1 Een psalm van David. Aleph. Ontsteek u niet over de boosdoeners; benijd hen niet, die onrecht doen.
[A Psalm] of David. Fret not thyself because of evil-doers, and be not envious of them that work unrighteousness;
2 Want als gras zullen zij haast worden afgesneden, en als de groene grasscheutjes zullen zij afvallen.

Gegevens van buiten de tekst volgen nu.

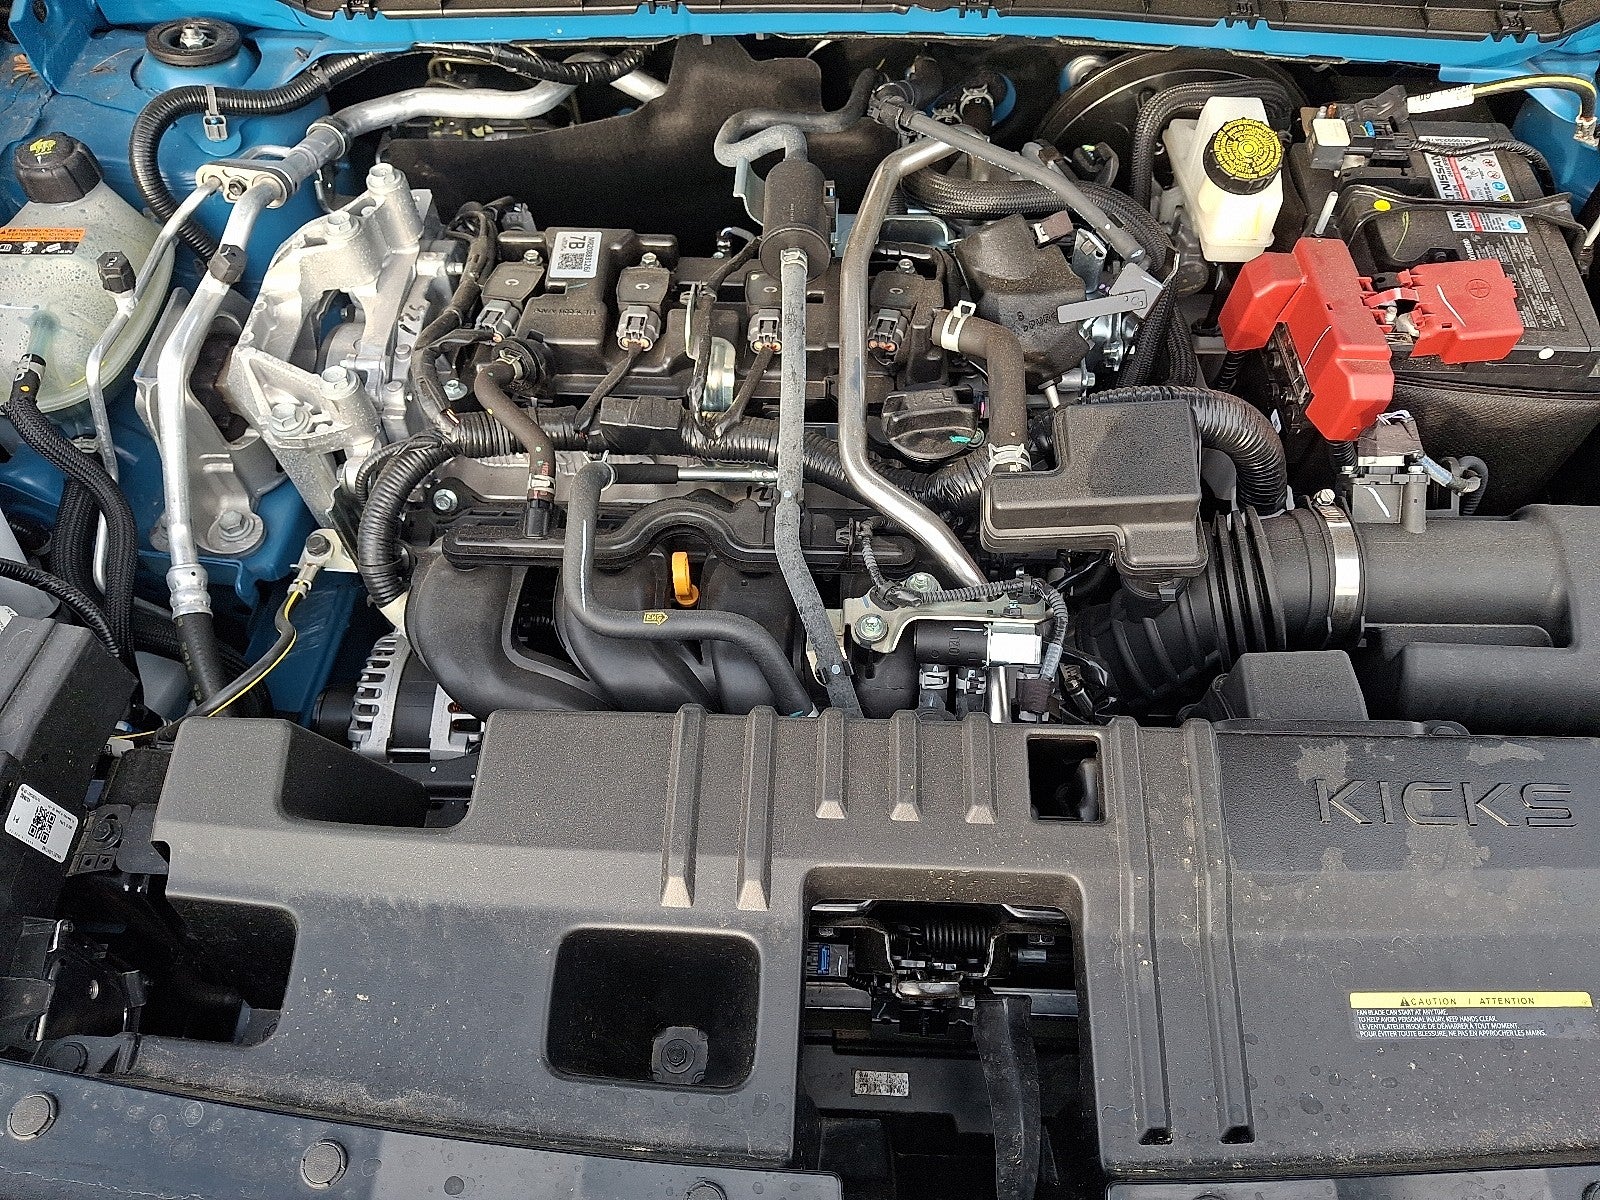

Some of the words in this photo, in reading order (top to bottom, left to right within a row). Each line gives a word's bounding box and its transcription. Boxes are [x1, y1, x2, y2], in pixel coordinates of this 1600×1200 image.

for they shall soon be cut down like the grass, and fade as the green herb.
3 Beth. Vertrouw op den HEERE, en doe het goede; bewoon de aarde, en voed u met getrouwigheid.
Confide in Jehovah, and do good; dwell in the land, and feed on faithfulness;
4 En verlustig u in den HEERE, zo zal Hij u geven de begeerten uws harten.
and delight thyself in Jehovah, and he will give thee the desires of thy heart.
5 Gimel. Wentel uw weg op den HEERE, en vertrouw op Hem; Hij zal het maken;
Commit thy way unto Jehovah, and rely upon him: he will bring [it] to pass;
6 En zal uw gerechtigheid doen voortkomen als het licht, en uw recht als den middag.
and he will bring forth thy righteousness as the light, and thy judgment as the noonday.
7 Daleth. Zwijg den HEERE, en verbeid Hem; ontsteek u niet over dengene, wiens weg voorspoedig is; over een man, die listige aanslagen uitvoert.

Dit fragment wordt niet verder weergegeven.